If you’ve created a good substrate mix, it should be able to retain a fair amount of moisture. This moisture as well the the moisture from any open water surface like a water dish, or living plants will all affect the relative humidity inside an enclosure. It’s up to the hobbyists to play with different elements until the humidity in an enclosure is within the recommended range for a specific species.

REMEMBER: Care sheets give a recommended humidity for a specific species, but don’t take in to account that ambient humidity varies from area to area and different adjustments will be necessary for your enclosures based on the humidity of a specific area.


Some species don’t need high humidity in which case the substrate can be allowed to dry out completely and the humidity from a nicely sized water dish might be sufficient.


Some species require humidity in the region of say 50 to 60 percent in which case the substrate can also be allowed to dry out completely. However, the hobbyist can then over fill the water dish so it flows on to the substrate around the dish creating a wet corner or section of the enclosure that will bring the humidity to desired levels.


There are many species that require high humidity as well. In a case like this, the substrate should always be kept moist with regular “rain” droplets gently sprayed around the enclosure to ensure that humidity levels stay higher.
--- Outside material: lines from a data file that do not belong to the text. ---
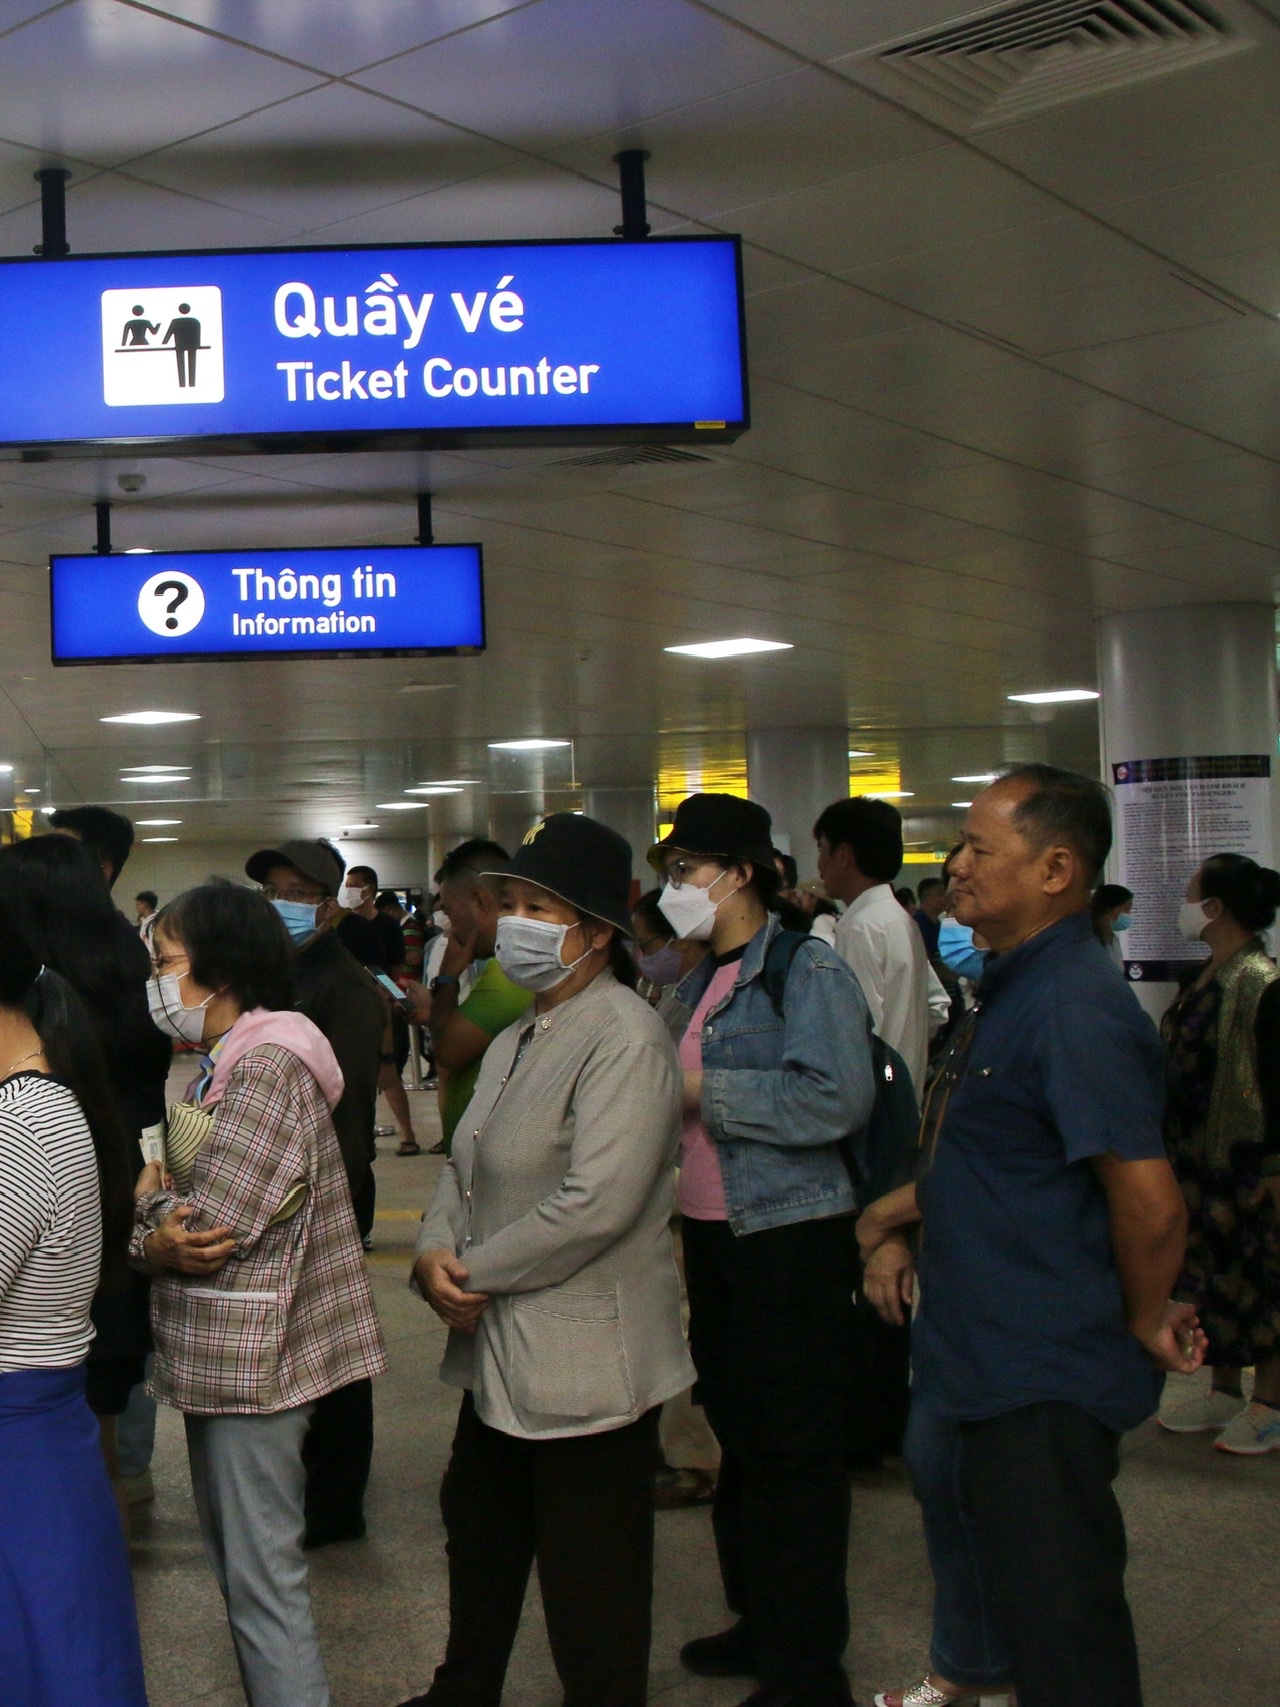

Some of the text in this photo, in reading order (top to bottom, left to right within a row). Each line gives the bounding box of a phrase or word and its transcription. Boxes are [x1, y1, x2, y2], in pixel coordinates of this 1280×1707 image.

[274, 273, 524, 350] Quầy vé
[276, 356, 600, 401] Ticket Counter
[232, 568, 342, 607] Thông
[353, 565, 396, 598] tin
[233, 611, 376, 636] Information
NOTE: Pay close attention to temperatures and especially ventilation in enclosures with high humidity as they provide the perfect breeding ground for bacteria, mold and other nasty stuff.
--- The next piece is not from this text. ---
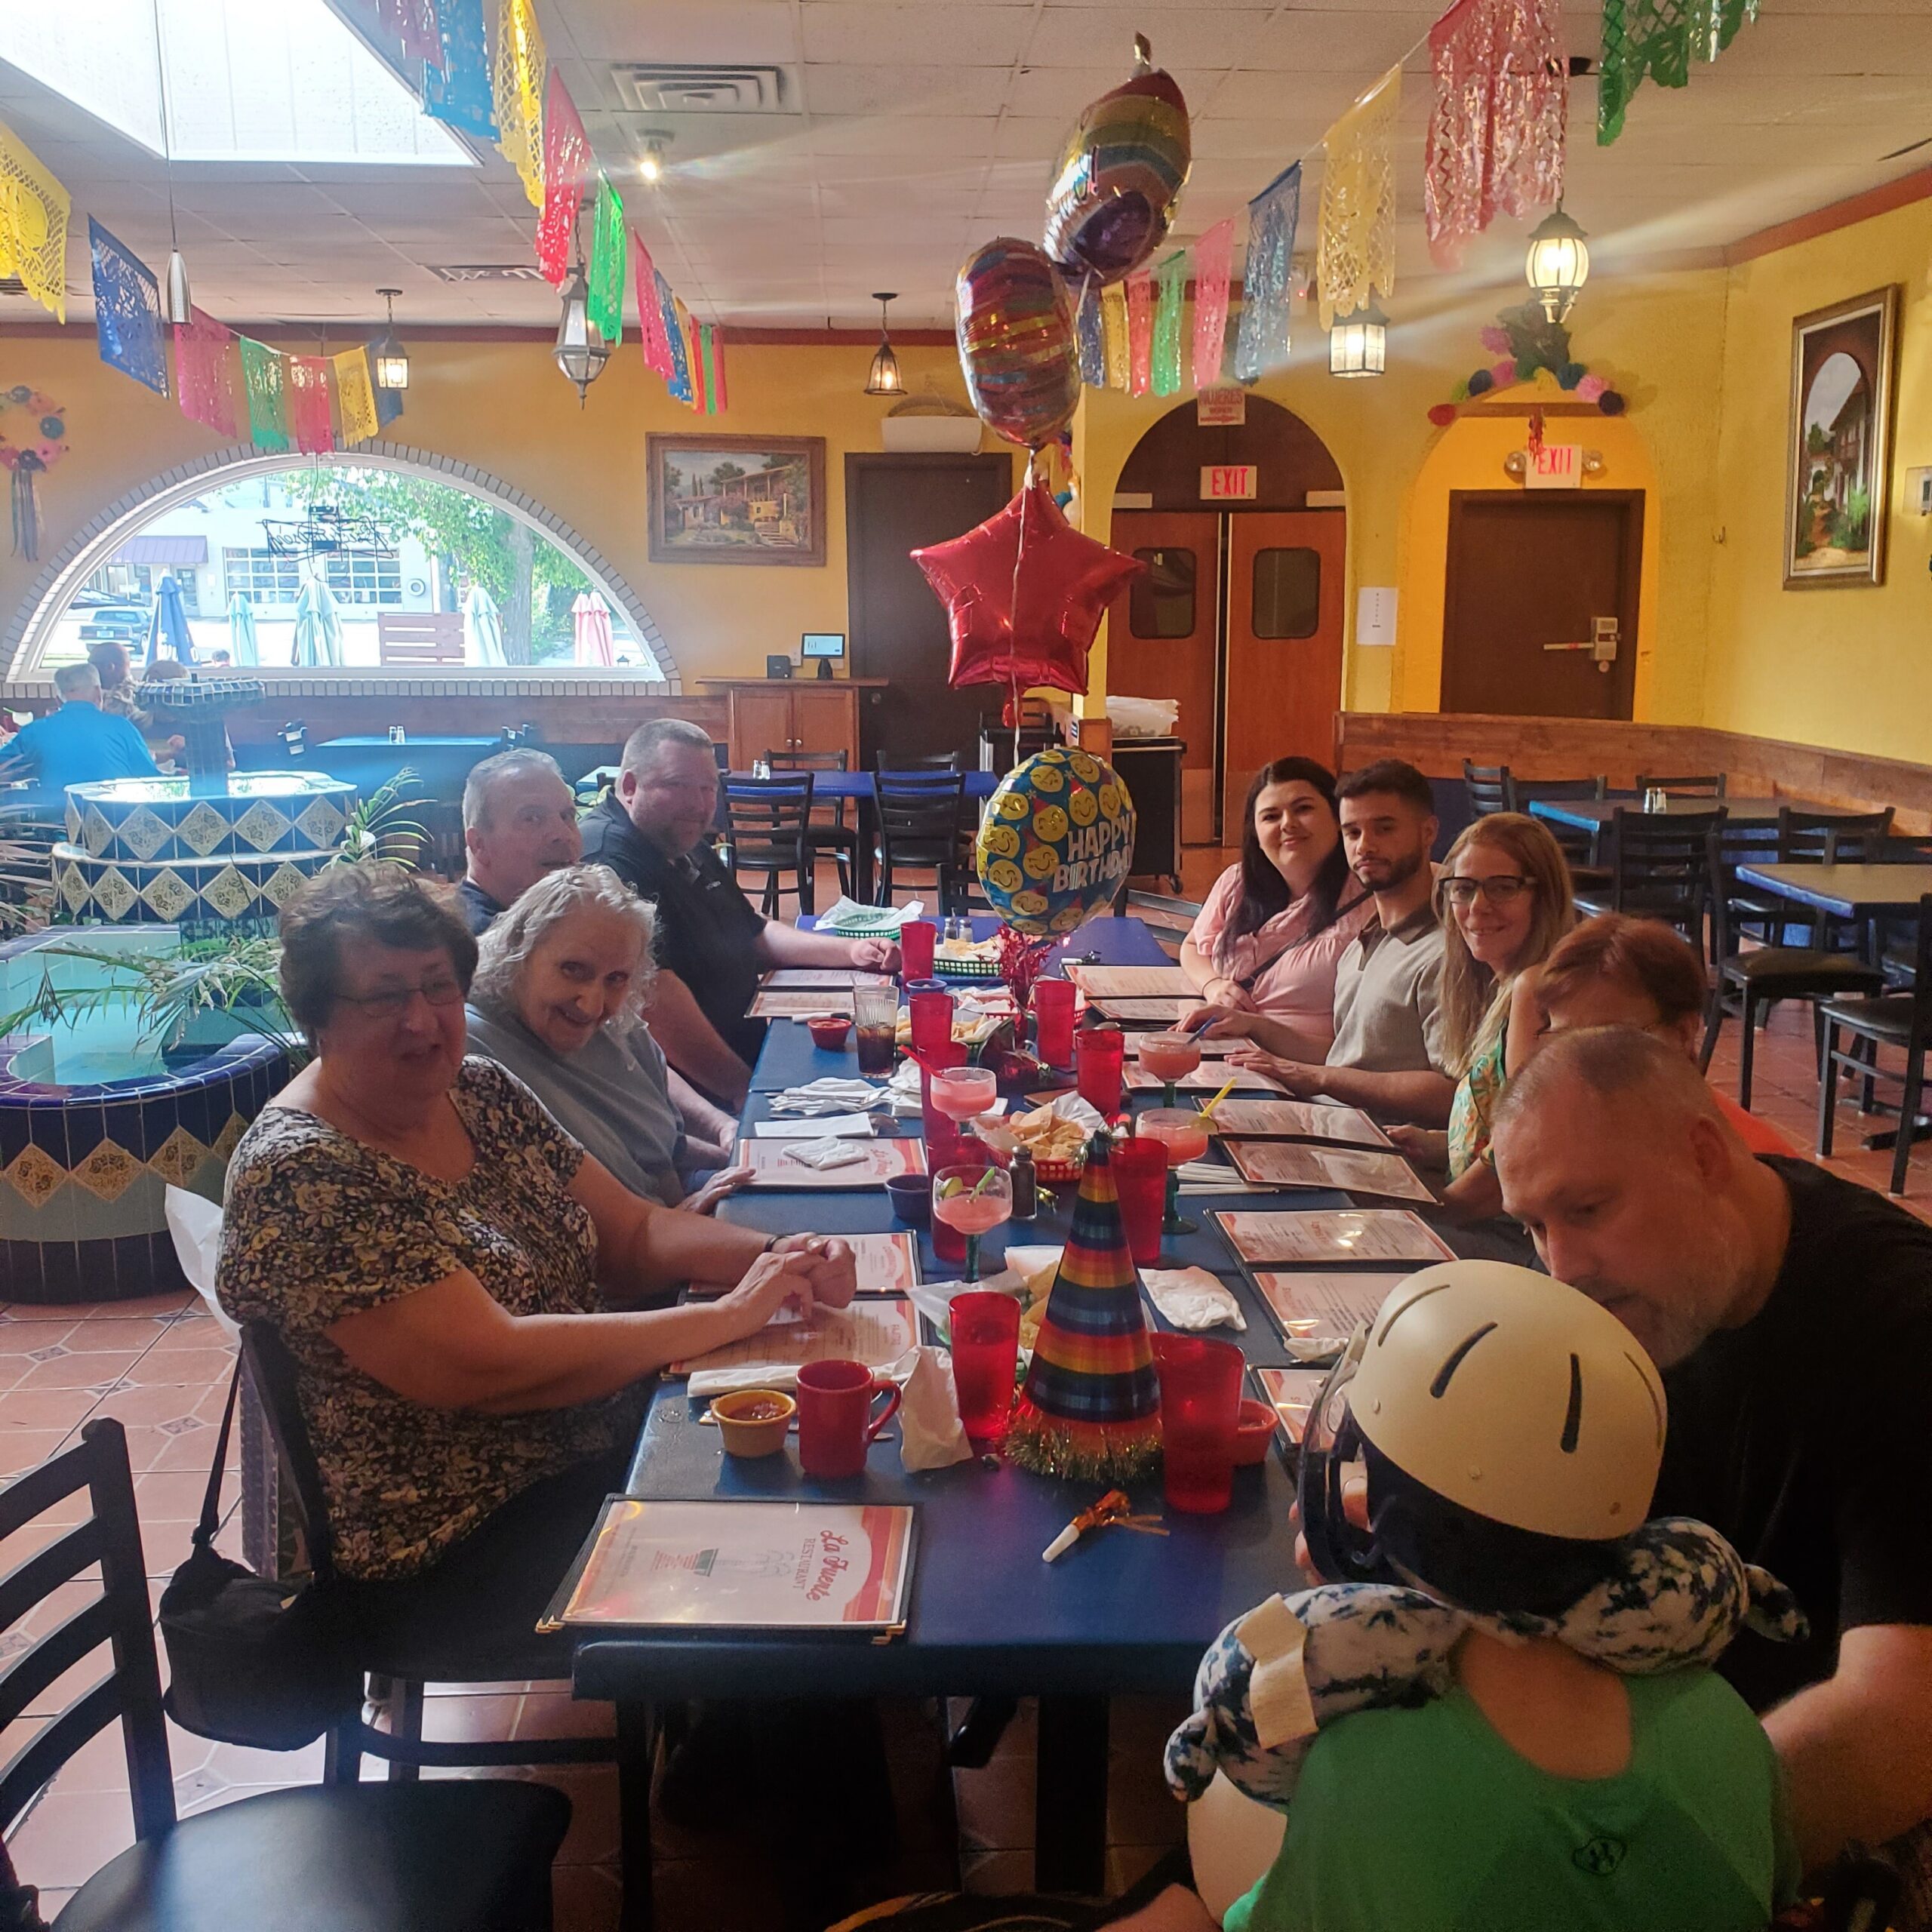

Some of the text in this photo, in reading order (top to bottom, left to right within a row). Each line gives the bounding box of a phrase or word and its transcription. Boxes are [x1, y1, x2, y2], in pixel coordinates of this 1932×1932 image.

If you live in an extremely dry area, you could use a humidifier to assist with increasing the overall humidity in a room that houses your monsters.



Temperature in your enclosures can also be critical to certain species so once again, make sure to invest in some 2-in-1 Thermometer/Hygrometer gauges to keep you informed.
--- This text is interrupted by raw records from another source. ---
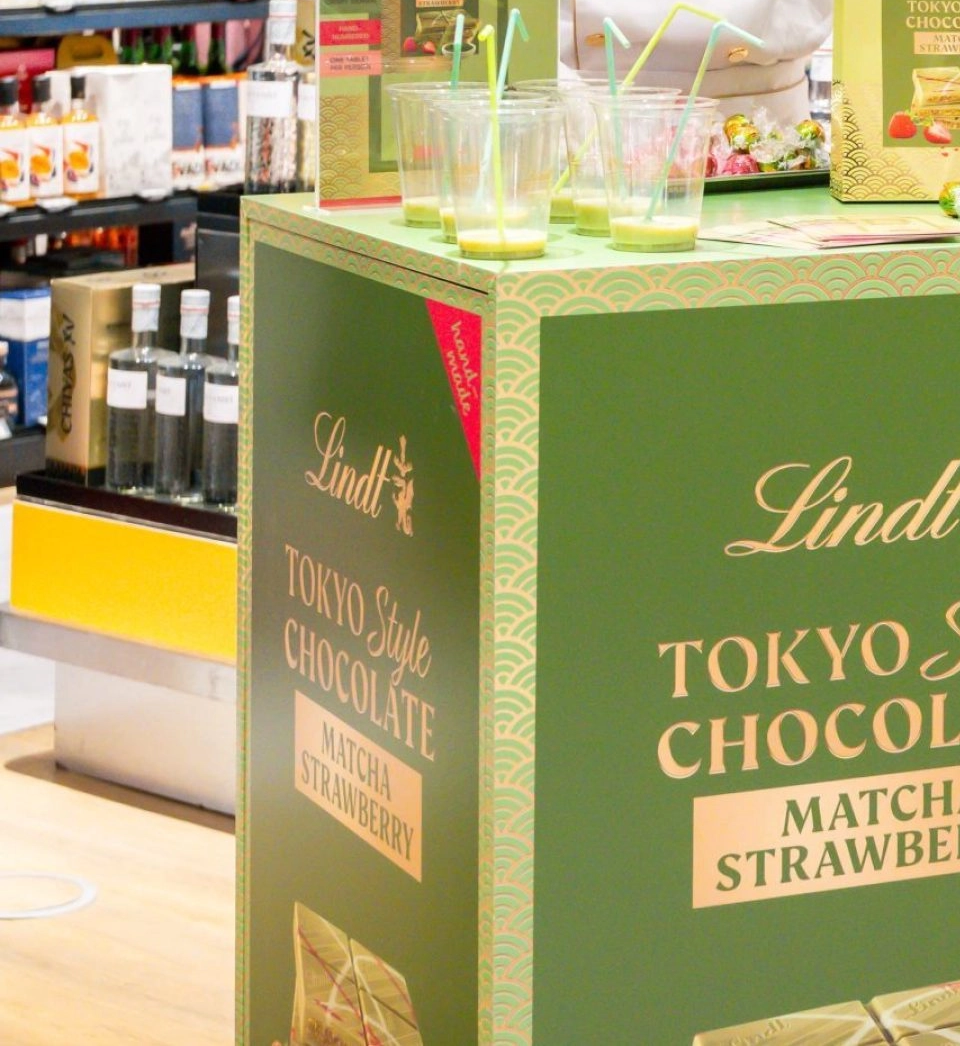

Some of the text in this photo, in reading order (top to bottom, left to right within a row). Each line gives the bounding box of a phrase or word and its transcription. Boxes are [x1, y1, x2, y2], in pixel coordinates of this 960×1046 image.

[61, 352, 75, 434] CHIVAS
[447, 350, 471, 416] made
[305, 412, 392, 518] Lindt
[285, 543, 432, 686] TOKYO Style
[658, 620, 910, 698] TOKYO
[284, 618, 435, 762] CHOCOLATE
[301, 750, 414, 861] STRAWBERRY
[321, 721, 391, 802] MATCHA
South African summers are very moderate to tropical depending on where you are based and generally, our climate provides temperatures that are warm enough to keep most species at room temperature both day and night. However, if you have species that require warmer or colder conditions during our summer, you can either move them to an area which is warmer or cooler depending on the species, or move them to a room that has an air conditioner that can assist you with regulating temperature more accurately.

Some hobbyists take this to the extreme unnecessarily, but when it comes to breeding, exact temperature and humidity control can be the make or break element for successfully breeding a certain species.


Winter in South Africa is nowhere near as cold as many countries around the world, however there are certain areas that can have severe cold and hobbyists will have to take suitable measures in their particular areas to provide suitable conditions for their tarantulas. Again, don’t panic. Tarantulas have survived millions of years of evolution and can handle cold weather and sudden drops in temperature as long as not too extreme.


Should you decide to add artificial heating or cooling to your enclosures, you could consider fitting an air conditioner to a specific room so that the temperature in the entire room is maintained at a constant level, or place a heater/cooler in the room to achieve suitable temperatures over all.

Heating pads and mats can be great for warming an enclosure, but care should be taken because most of them don’t come with thermostats and simply heat to their full ability, which could end up drying out an enclosure and even overheating it, dehydrating and killing your tarantula.

What we rather suggest is placing a heat mat or pad on the side of a larger glass tank which will warm the whole tank. Now put the lid on with your temperature/hygrometer inside and watch the temperature. A medium size heating mat should warm a medium sized tank to between 22 and 24 degrees Celsius in winter, and all the way up to 30+ degrees in summer. You can then open the lid a little at a time to let heat escape until the tank is at a temperature you are happy with. Now you can place all your tarantula enclosures inside this larger enclosure to keep them warm without overheating them.

We do this for all our slings and it works fantastically well when there is a severe cold front.